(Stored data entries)
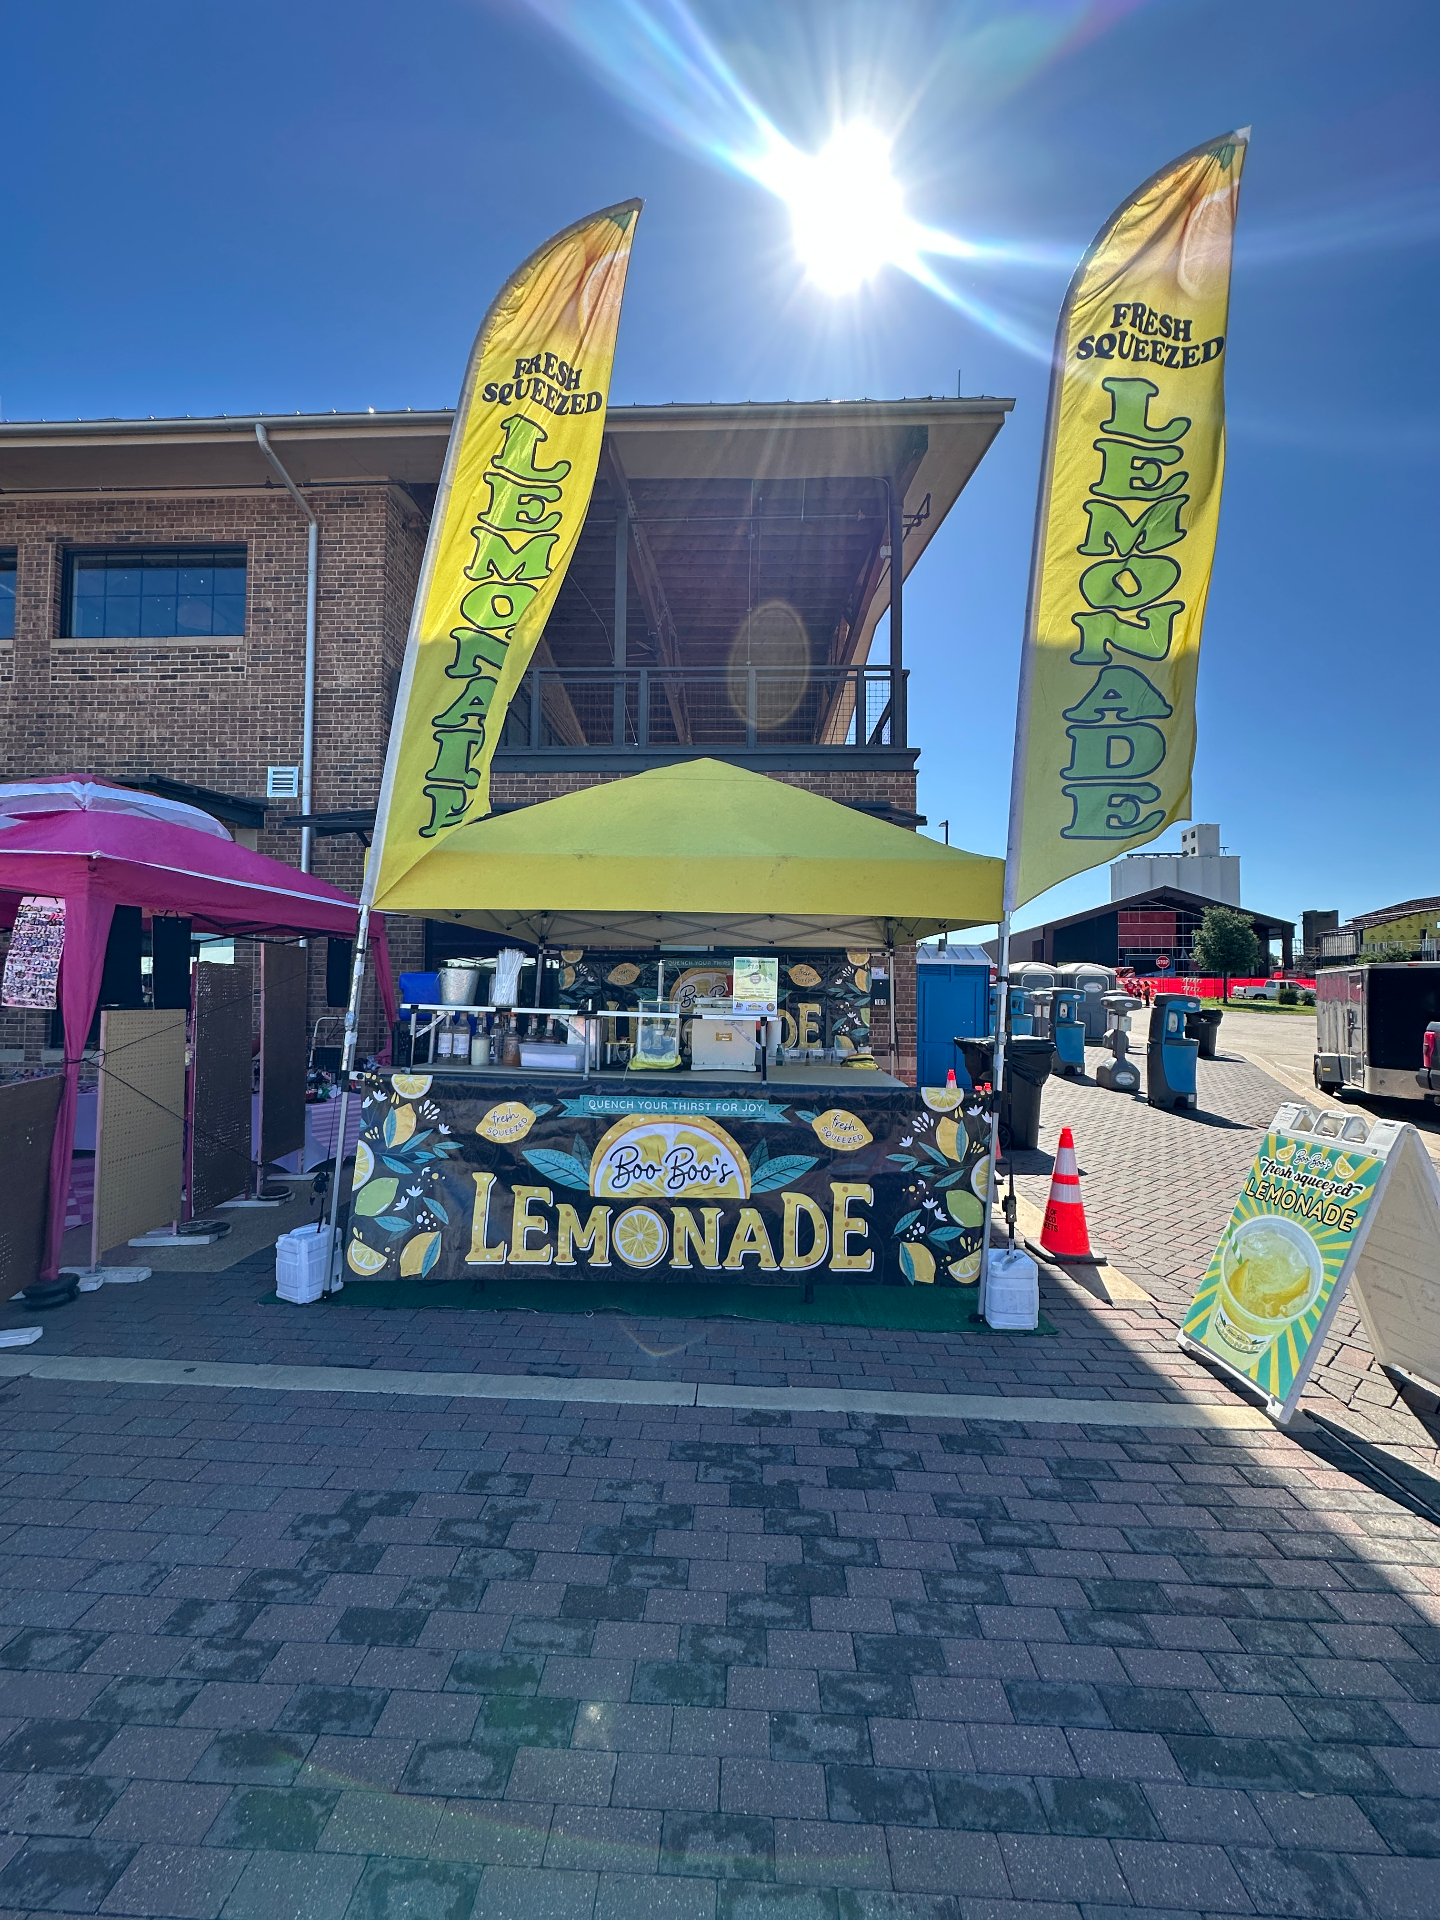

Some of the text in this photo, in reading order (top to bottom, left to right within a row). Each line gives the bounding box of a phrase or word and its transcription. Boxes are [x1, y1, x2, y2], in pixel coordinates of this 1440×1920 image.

[1110, 302, 1193, 342] FRESH
[1076, 330, 1225, 369] SQUEEZED
[512, 352, 582, 391] FRESH
[482, 377, 603, 415] SQUEEZED
[1060, 377, 1192, 840] LEMONADE
[491, 1107, 520, 1127] fresh
[588, 1099, 763, 1112] QUENCH YOUR THIRST FOR JOY
[832, 1115, 858, 1131] fresh
[486, 1117, 528, 1138] SQUEEZED
[821, 1126, 864, 1143] SQUEEZED
[610, 1146, 734, 1190] Boo Boo's
[1293, 1172, 1364, 1198] squeezed
[465, 1172, 874, 1272] LEMONADE
[1245, 1177, 1358, 1233] LEMONADE
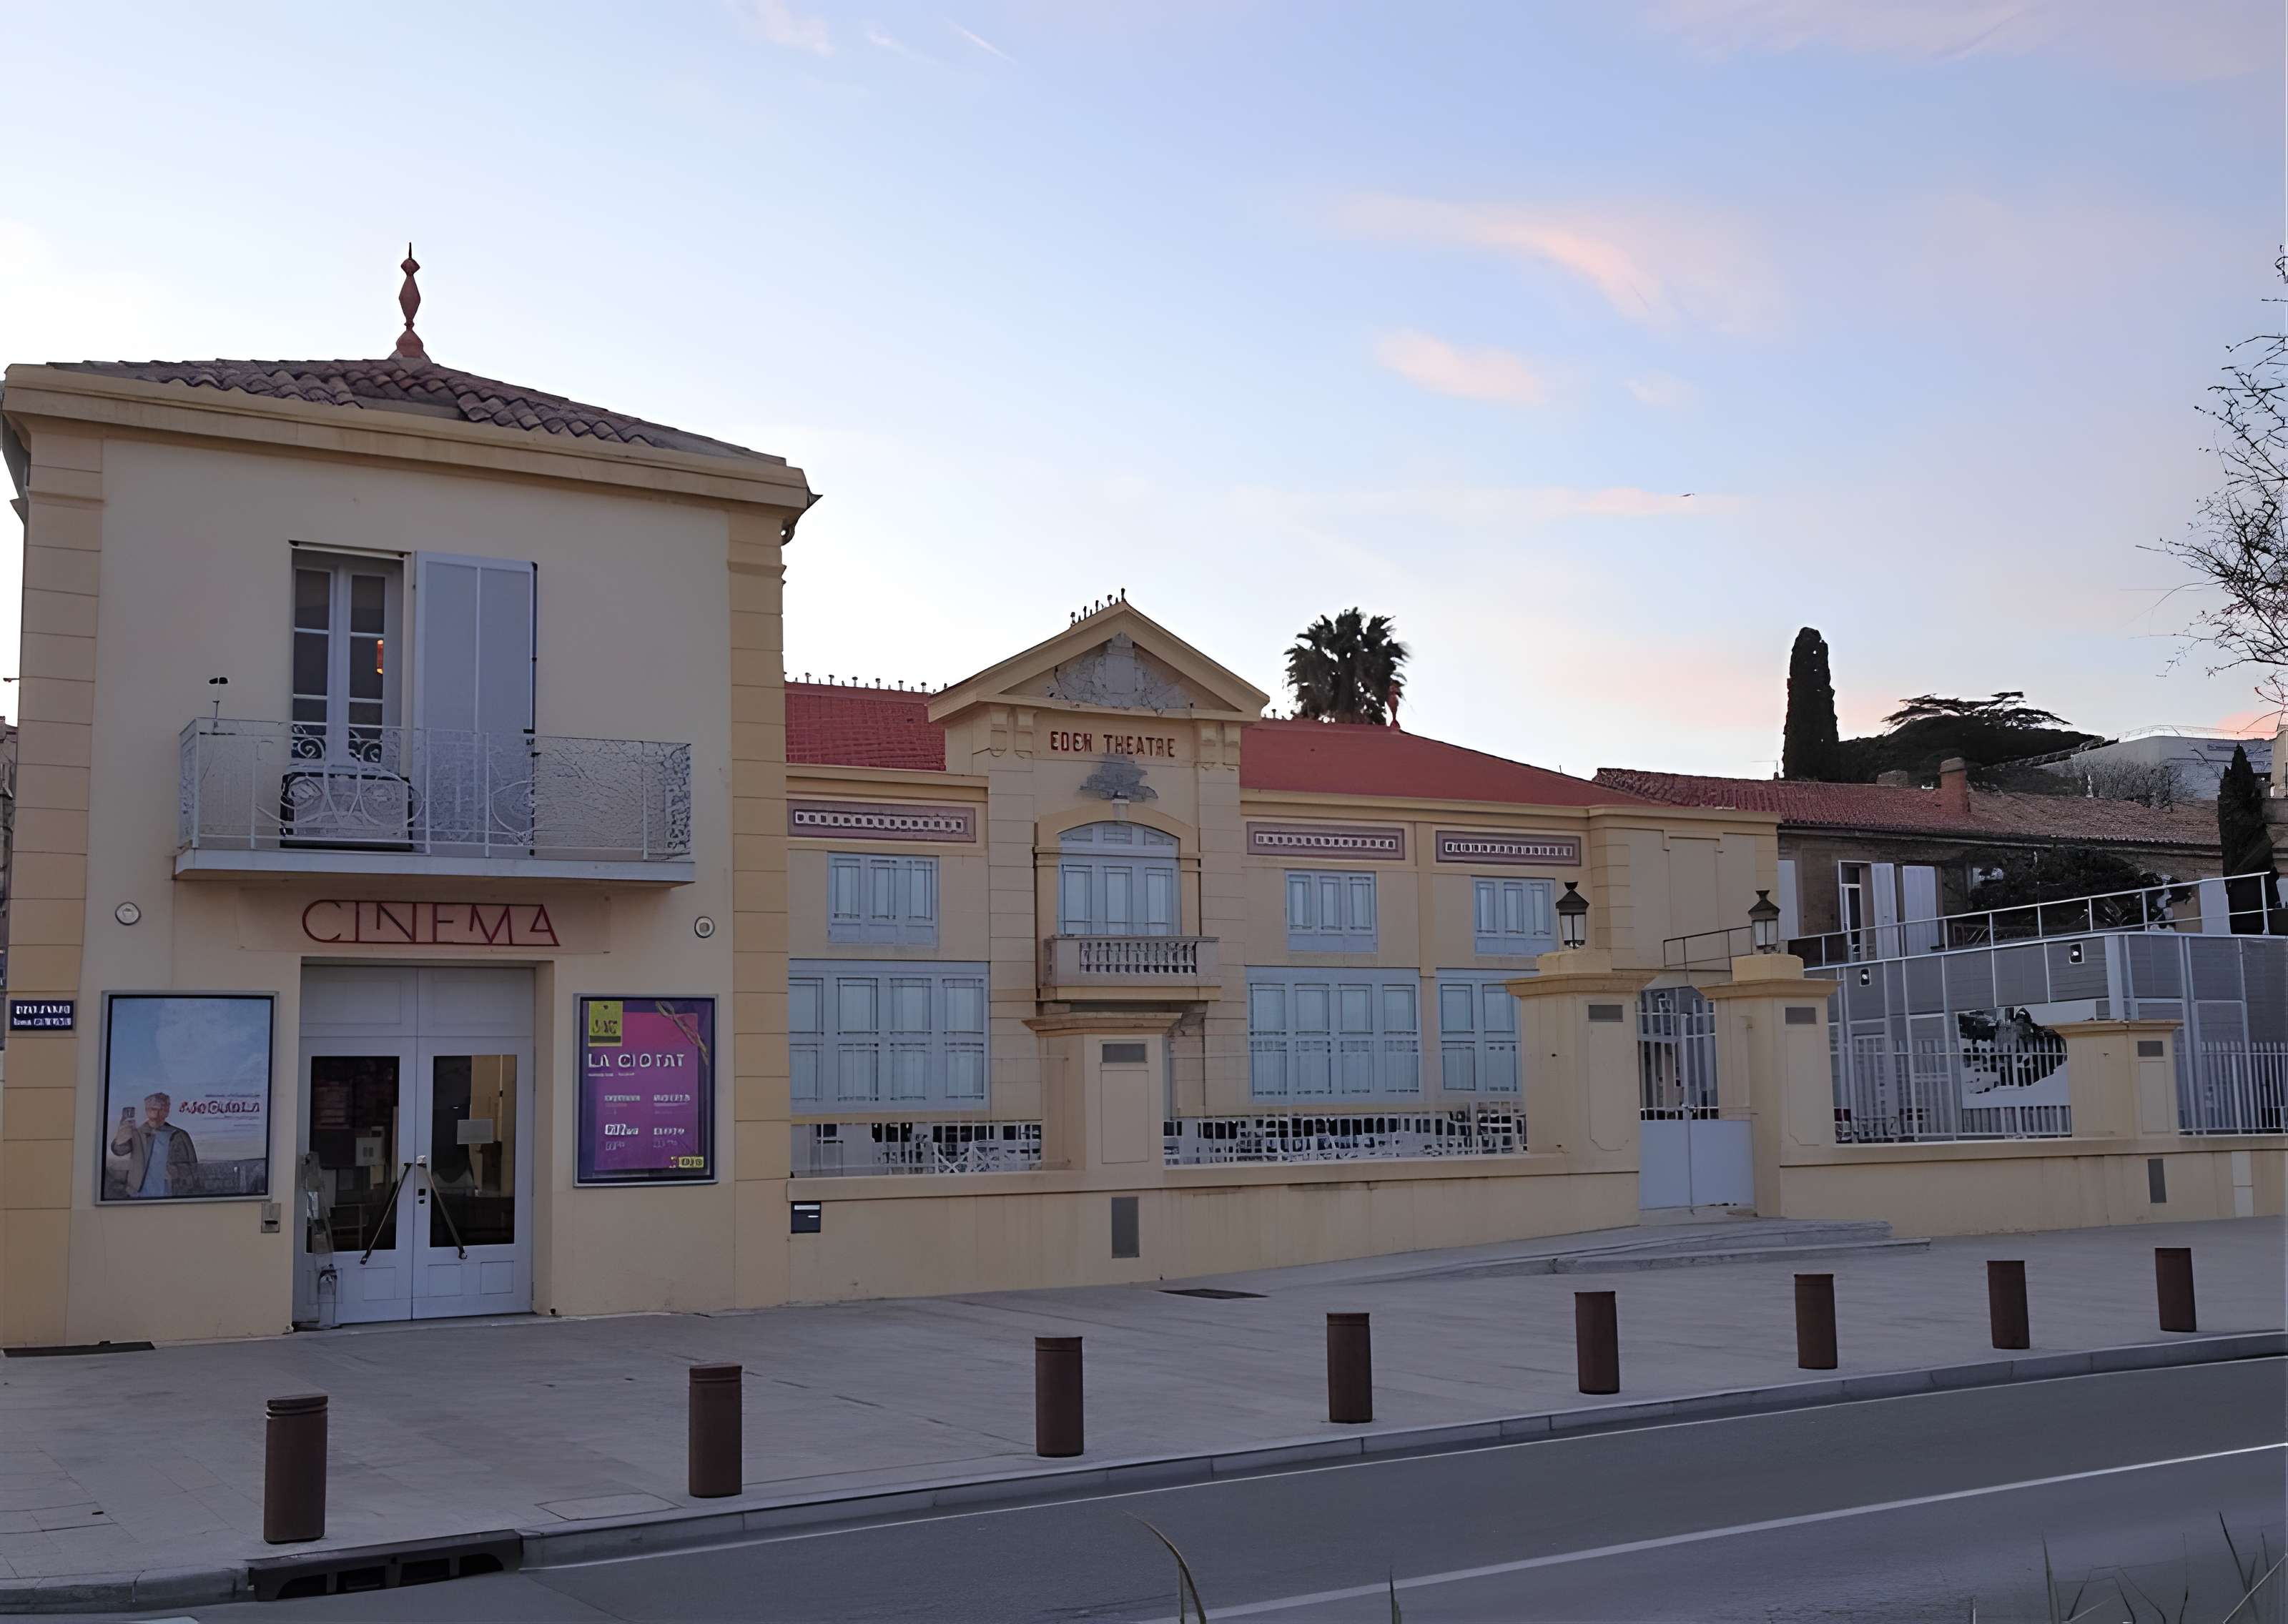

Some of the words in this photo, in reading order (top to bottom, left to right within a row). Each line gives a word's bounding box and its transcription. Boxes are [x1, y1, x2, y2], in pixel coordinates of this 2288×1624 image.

» Required work: Give every entry again verbatim, with no pictures.

» Expected answer:
Some of the text in this photo, in reading order (top to bottom, left to right within a row). Each line gives the bounding box of a phrase or word and its transcription. Boxes are [x1, y1, x2, y2], in pixel coordinates of this 1440×1920 image.

[1110, 302, 1193, 342] FRESH
[1076, 330, 1225, 369] SQUEEZED
[512, 352, 582, 391] FRESH
[482, 377, 603, 415] SQUEEZED
[1060, 377, 1192, 840] LEMONADE
[491, 1107, 520, 1127] fresh
[588, 1099, 763, 1112] QUENCH YOUR THIRST FOR JOY
[832, 1115, 858, 1131] fresh
[486, 1117, 528, 1138] SQUEEZED
[821, 1126, 864, 1143] SQUEEZED
[610, 1146, 734, 1190] Boo Boo's
[1293, 1172, 1364, 1198] squeezed
[465, 1172, 874, 1272] LEMONADE
[1245, 1177, 1358, 1233] LEMONADE

Some of the words in this photo, in reading order (top to bottom, left to right within a row). Each line gives a word's bounding box and its transcription. Boxes are [x1, y1, x2, y2], in pixel coordinates of this 2288×1624 image.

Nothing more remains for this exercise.